The panel voted 19-10 in favor of the recommendation, which the FDA will likely follow, which would limit access to the drugs by making them harder to prescribe, a major policy change that advocates said could help ease the growing problem of addiction to painkillers.
The change would have sweeping consequences for doctors, pharmacists and patients. Under the new rules, refills without a new prescription would be forbidden, as would faxed prescriptions and those called in by phone. Only written prescriptions from a doctor would be allowed and pharmacists and distributors would be required to store the drugs in special vaults. The vote comes after similar legislation in Congress failed last year, after intense lobbying by pharmacists and drugstores.
Prescription drugs account for about three-quarters of all U.S. drug overdoses, with the number of deaths more than tripling since 1999, according to federal data. Since 2008, deaths from overdoses have outpaced deaths from car accidents.
The FDA convened the panel, made up of scientists and other experts, after a request by the Drug Enforcement Administration, which contends that the drugs are among the most frequently abused painkillers in the country.
''This is the federal government saying, 'We need to tighten the reins on this drug,'" said Scott R. Drab, associate professor of pharmacy and therapeutics at the University of Pittsburgh's School of Pharmacy. "Pulling in the rope is a way to rein in abuse, and consequently, addiction."
At a two-day hearing at FDA headquarters in Silver Spring, Md., many speakers opposed the change, including advocates for nursing home patients, who said older, frail residents needing pain medication would now be required to make the arduous trip to a doctor's office to continue using hydrocodone products. Other experts questioned how effective the change would be. Oxycodone, another highly abused painkiller, and the active ingredient in OxyContin, has been in the more restrictive category since it came on the market, but the limited access does not seem to have stemmed abuse, they said.
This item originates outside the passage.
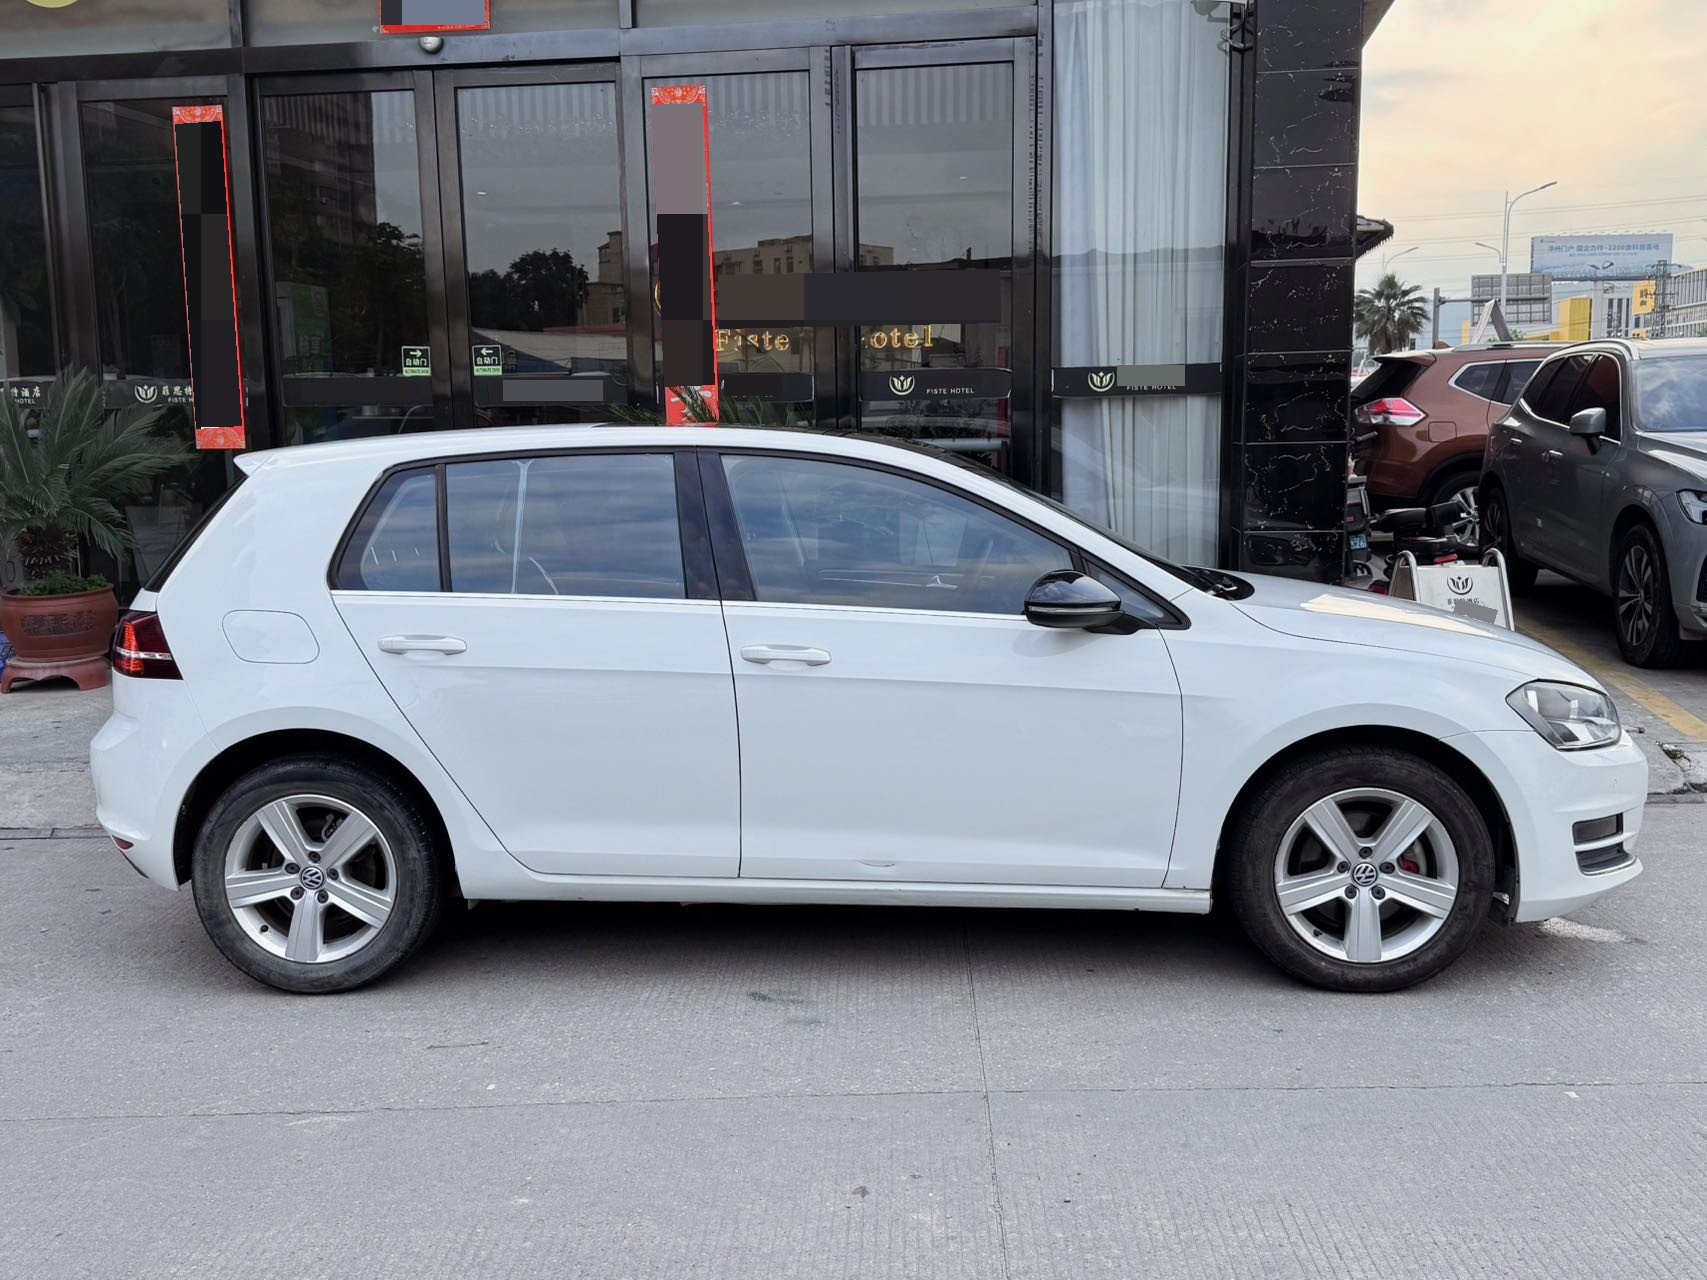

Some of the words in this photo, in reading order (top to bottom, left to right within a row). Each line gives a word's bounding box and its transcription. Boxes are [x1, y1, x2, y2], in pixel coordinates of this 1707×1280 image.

But others including parents who had lost their children to prescription drug abuse, as well as doctors and pharmacists, testified, in favor of the proposed restrictions, sometimes emotionally. Sen. Joe Manchin, D-W. Va., made an impassioned plea.
''When I go back to West Virginia, I hear how easy it is for anybody to get their hands on hydrocodone drugs," Manchin said Friday. "For underage children, these drugs are easier to get than beer or cigarettes."
He added that the less restrictive status was fueling the prescription drug epidemic today."
Dr. James P. Rathmell, chief of the division of pain medicine at Massachusetts General Hospital, said hydrocodone products had similar biological effects as oxycodone products and should unquestionably be in the same category of restrictiveness.
''Knowing what we know today, it was a mistake," Rathmell said, referring to hydrocodone products being placed in the looser category when they came on the market. "It should be corrected."
Dr. Timothy Deer, a pain management specialist at the Center for Pain Relief in Charleston, W.Va., said he feared for older patients, particularly in rural areas, who would now have farther to drive to get their prescriptions renewed. But, because hydrocodone products have been by far the most widely prescribed painkiller, toughening the restrictions on them is a worthy trade-off, he said, particularly in a hard-hit state like West Virginia.
''At the end of the day, the benefits of reducing abuse will outweigh the harm to legitimate pain patients," Deer said. "This will likely reduce the amount of drug falling into the wrong hands."